**Stored data entries:**
────

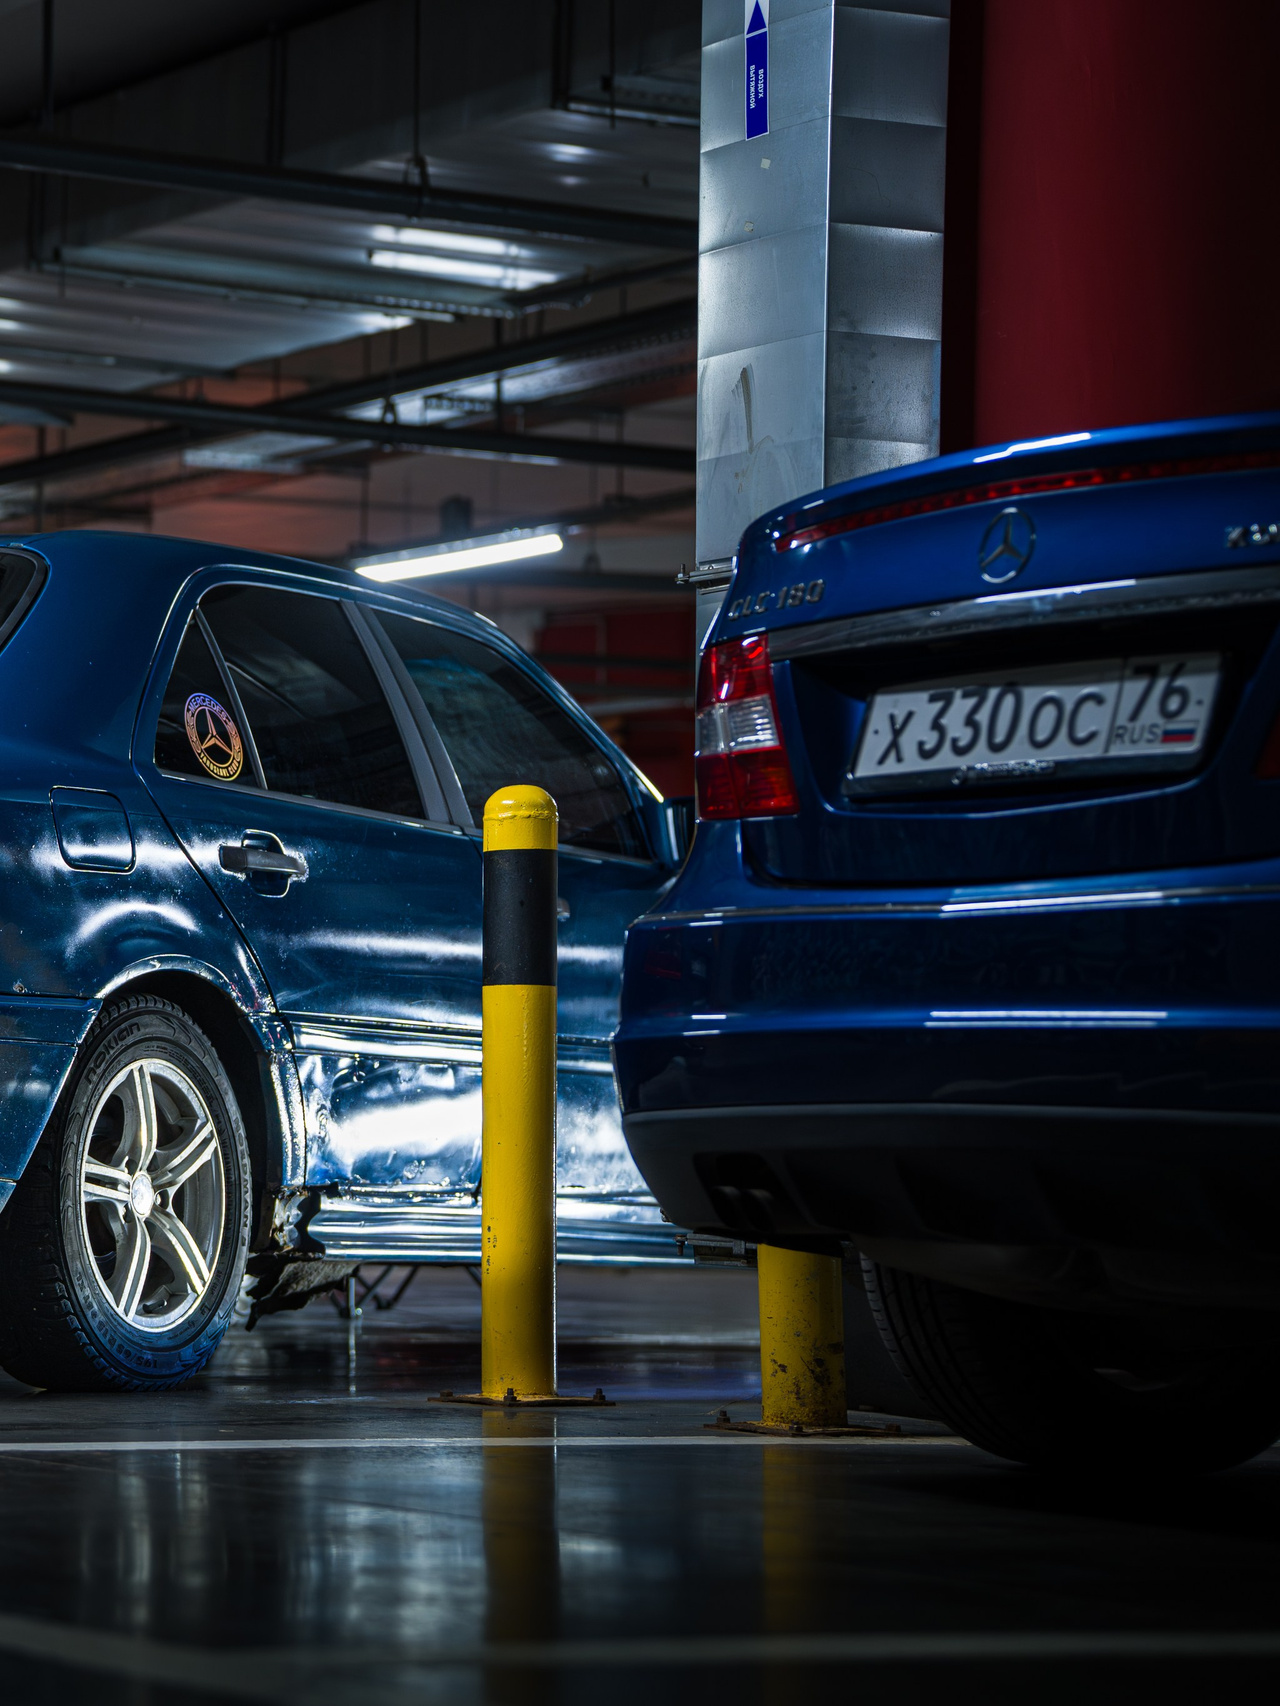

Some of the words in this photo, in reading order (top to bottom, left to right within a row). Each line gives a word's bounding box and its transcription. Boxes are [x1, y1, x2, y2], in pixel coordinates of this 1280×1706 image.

[776, 579, 825, 609] 180
[1127, 662, 1192, 723] 76
[188, 696, 228, 721] MERCEDES
[1116, 722, 1160, 746] RUS
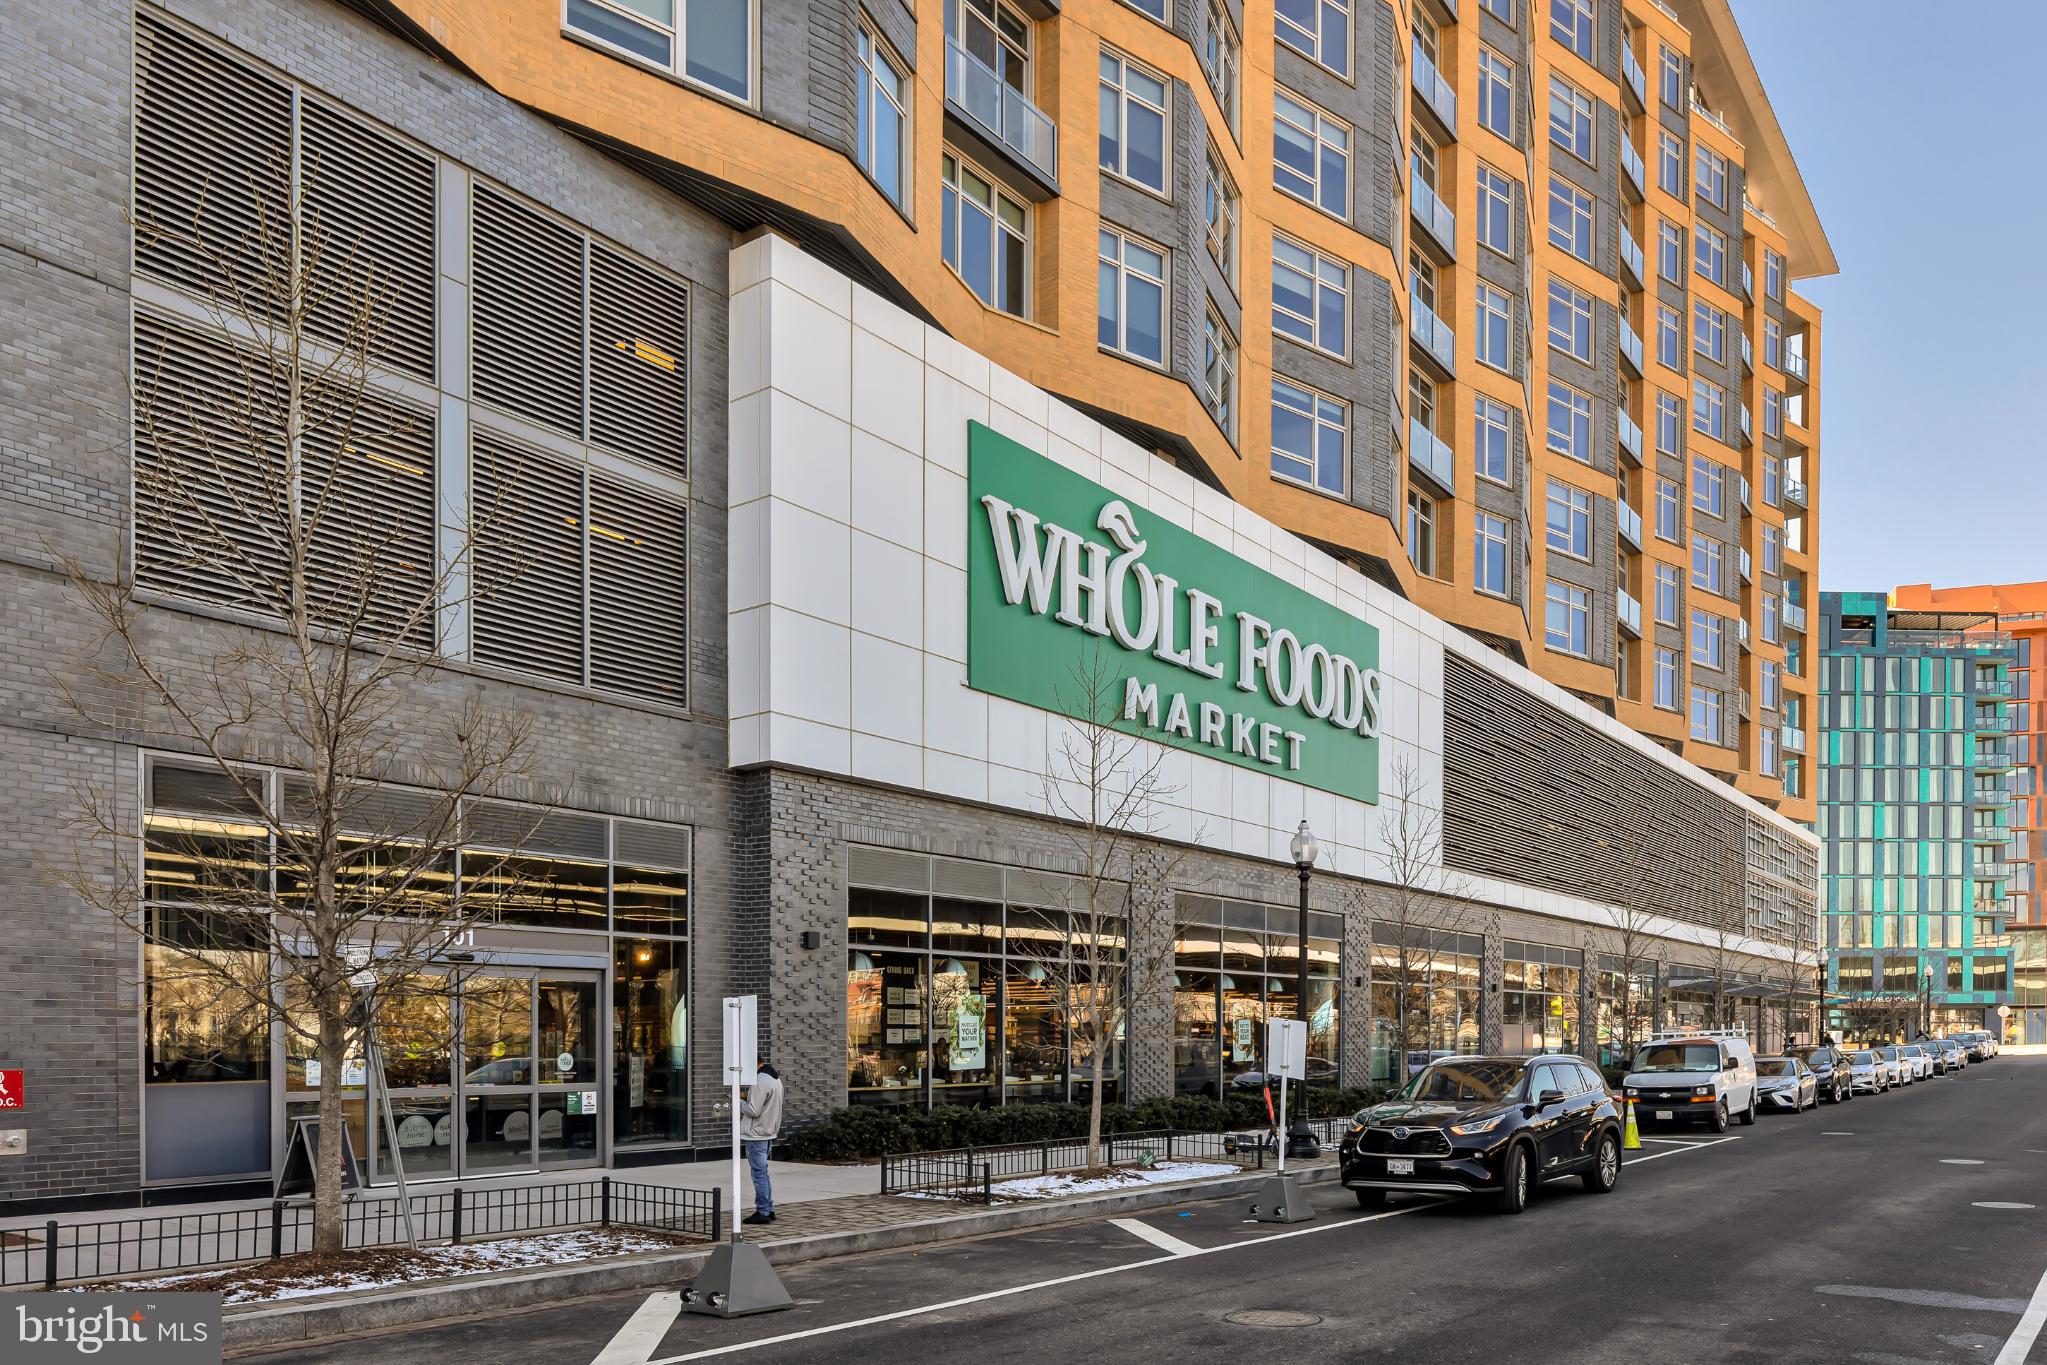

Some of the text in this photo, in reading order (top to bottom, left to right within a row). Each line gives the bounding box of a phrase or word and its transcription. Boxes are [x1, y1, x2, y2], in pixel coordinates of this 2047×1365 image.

[981, 495, 1382, 738] WHOLE FOODS
[1124, 677, 1306, 770] MARKET
[961, 1028, 978, 1036] YOUR

────

**ABOUT THIS TASK:**
Please output every record above exactly. Leave the pictures out.

**TASK SOLUTION:**
Some of the words in this photo, in reading order (top to bottom, left to right within a row). Each line gives a word's bounding box and its transcription. Boxes are [x1, y1, x2, y2], in pixel coordinates of this 1280×1706 image.

[776, 579, 825, 609] 180
[1127, 662, 1192, 723] 76
[188, 696, 228, 721] MERCEDES
[1116, 722, 1160, 746] RUS

Some of the text in this photo, in reading order (top to bottom, left to right within a row). Each line gives the bounding box of a phrase or word and its transcription. Boxes are [x1, y1, x2, y2], in pixel coordinates of this 2047×1365 image.

[981, 495, 1382, 738] WHOLE FOODS
[1124, 677, 1306, 770] MARKET
[961, 1028, 978, 1036] YOUR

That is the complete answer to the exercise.